WHAT YOU WILL DO | All the records that follow need to be reproduced exactly. Omit the images.

Items from a data source
----

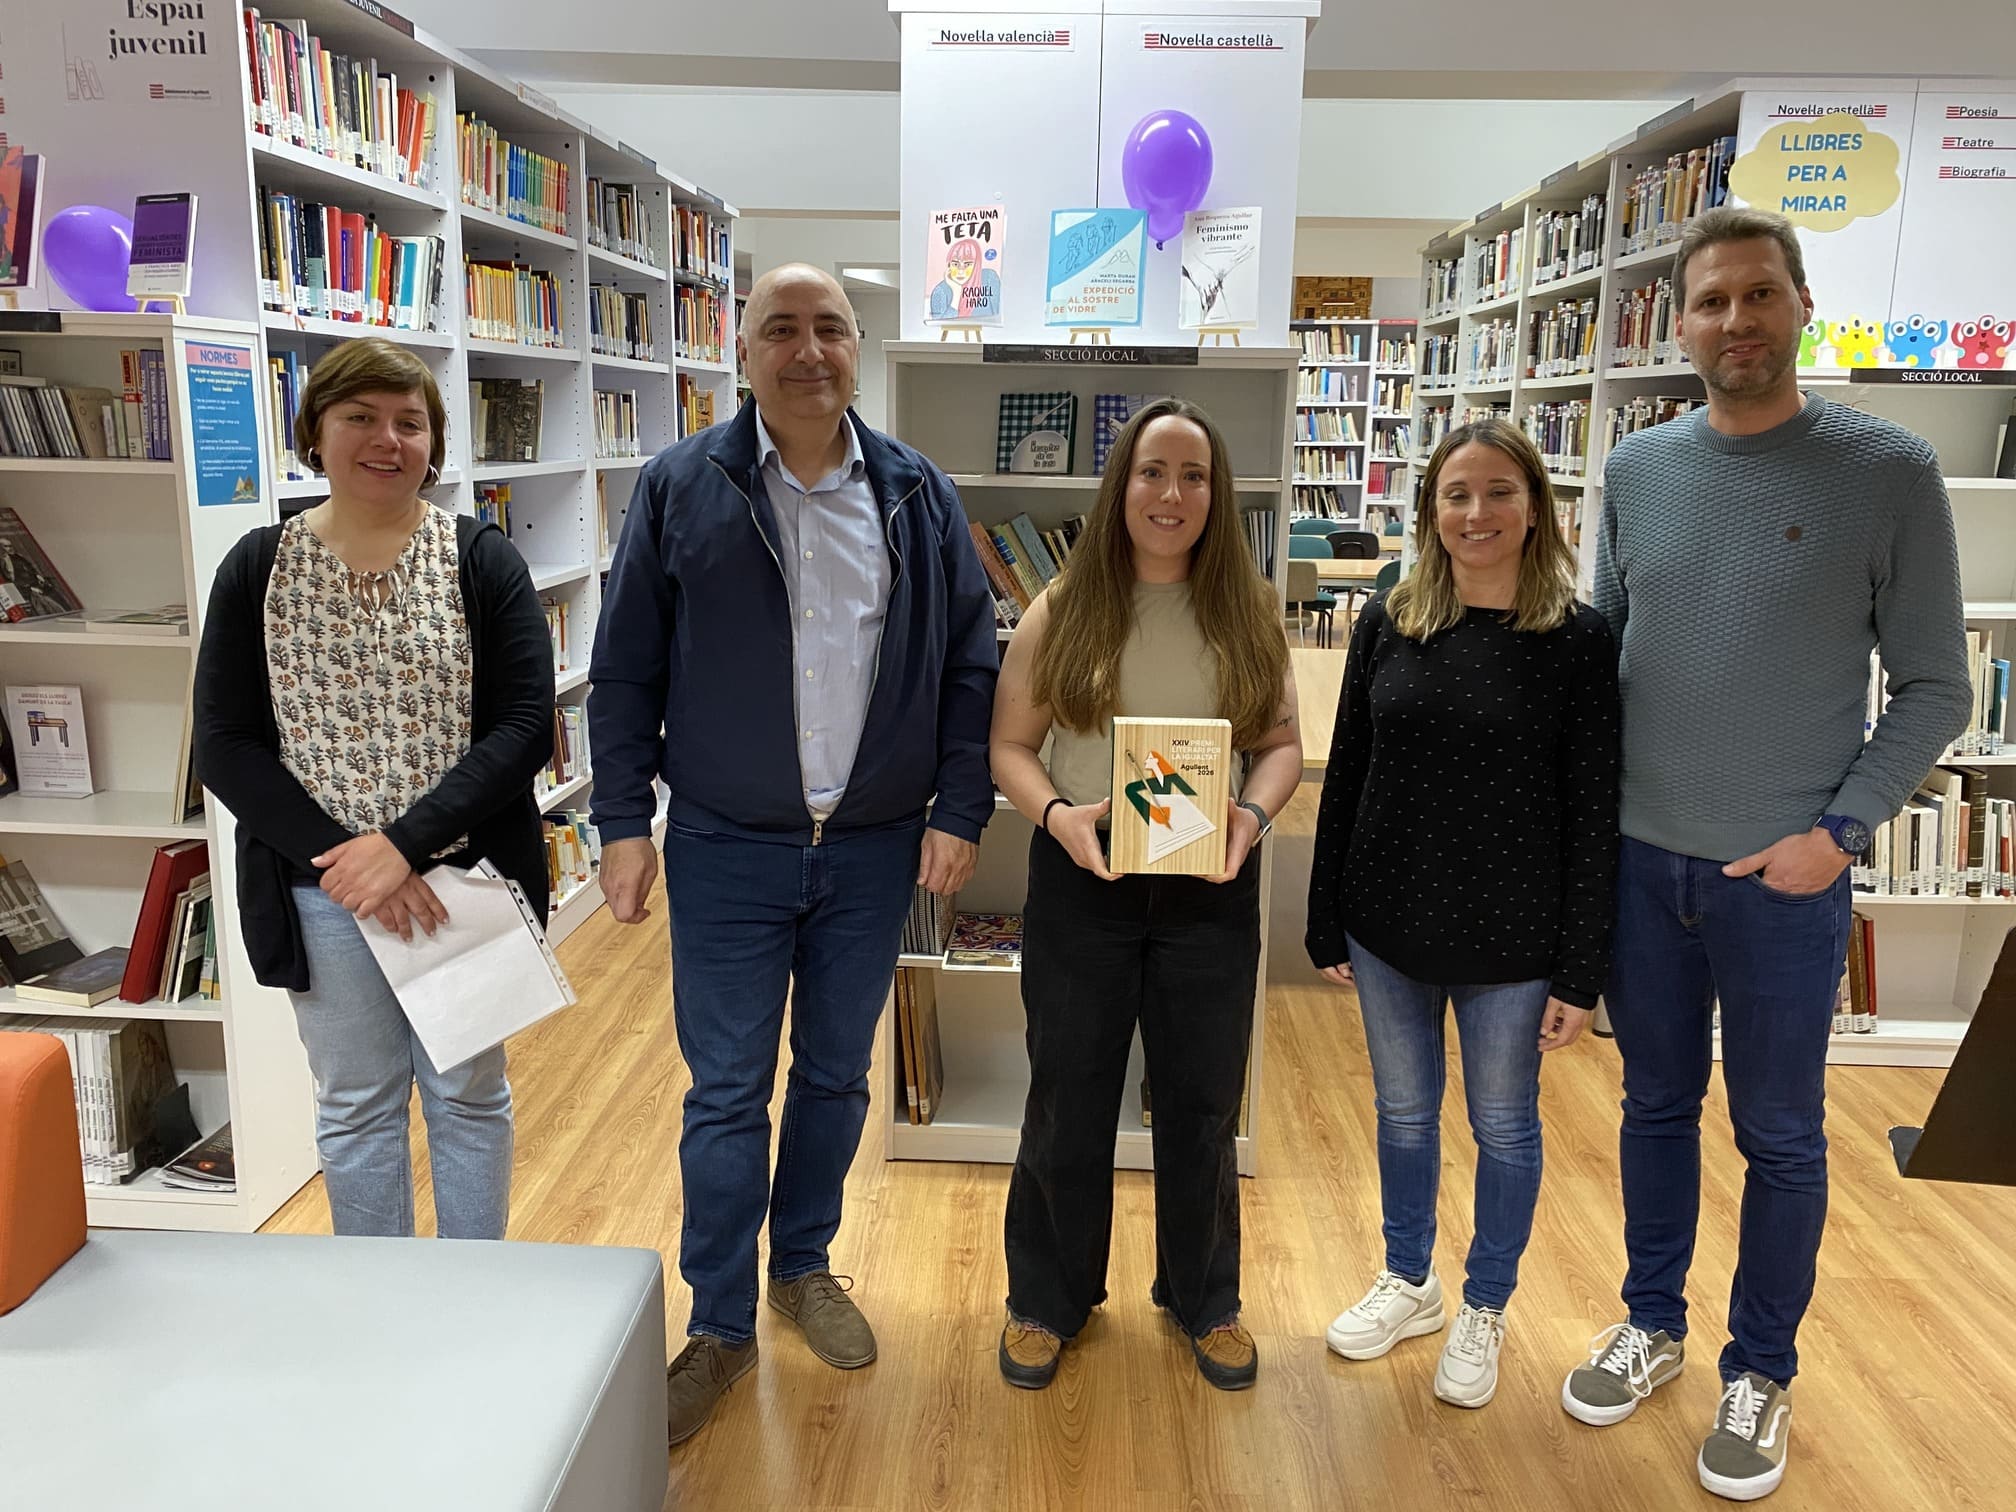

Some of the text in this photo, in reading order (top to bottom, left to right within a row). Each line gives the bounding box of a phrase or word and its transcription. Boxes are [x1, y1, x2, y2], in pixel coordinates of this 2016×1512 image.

[127, 0, 204, 26] Espai
[997, 29, 1055, 42] valencià
[1217, 33, 1273, 46] castellà
[109, 28, 207, 60] juvenil
[1826, 104, 1874, 115] castellà
[1959, 106, 1999, 117] Poesia
[1780, 133, 1863, 152] LLIBRES
[1956, 137, 1994, 147] Teatre
[1787, 165, 1847, 182] PER A
[1952, 166, 2006, 178] Biografia
[1781, 195, 1847, 212] MIRAR
[935, 209, 999, 224] ME FALTA UNA
[940, 220, 992, 245] TETA
[1196, 223, 1249, 234] Feminismo
[1201, 232, 1243, 243] vibrante
[962, 285, 994, 299] RAQUEL
[1083, 285, 1135, 295] EXPEDICIÓ
[966, 297, 988, 308] HARO
[1068, 296, 1120, 304] AL SOSTRE
[1053, 305, 1097, 314] DE VIDRE
[200, 349, 239, 365] NORMES
[1044, 347, 1138, 362] SECCIÓ LOCAL
[1901, 367, 1983, 384] SECCIÓ LOCAL

----

YOUR SOLUTION |
Some of the text in this photo, in reading order (top to bottom, left to right within a row). Each line gives the bounding box of a phrase or word and its transcription. Boxes are [x1, y1, x2, y2], in pixel coordinates of this 2016×1512 image.

[127, 0, 204, 26] Espai
[997, 29, 1055, 42] valencià
[1217, 33, 1273, 46] castellà
[109, 28, 207, 60] juvenil
[1826, 104, 1874, 115] castellà
[1959, 106, 1999, 117] Poesia
[1780, 133, 1863, 152] LLIBRES
[1956, 137, 1994, 147] Teatre
[1787, 165, 1847, 182] PER A
[1952, 166, 2006, 178] Biografia
[1781, 195, 1847, 212] MIRAR
[935, 209, 999, 224] ME FALTA UNA
[940, 220, 992, 245] TETA
[1196, 223, 1249, 234] Feminismo
[1201, 232, 1243, 243] vibrante
[962, 285, 994, 299] RAQUEL
[1083, 285, 1135, 295] EXPEDICIÓ
[966, 297, 988, 308] HARO
[1068, 296, 1120, 304] AL SOSTRE
[1053, 305, 1097, 314] DE VIDRE
[200, 349, 239, 365] NORMES
[1044, 347, 1138, 362] SECCIÓ LOCAL
[1901, 367, 1983, 384] SECCIÓ LOCAL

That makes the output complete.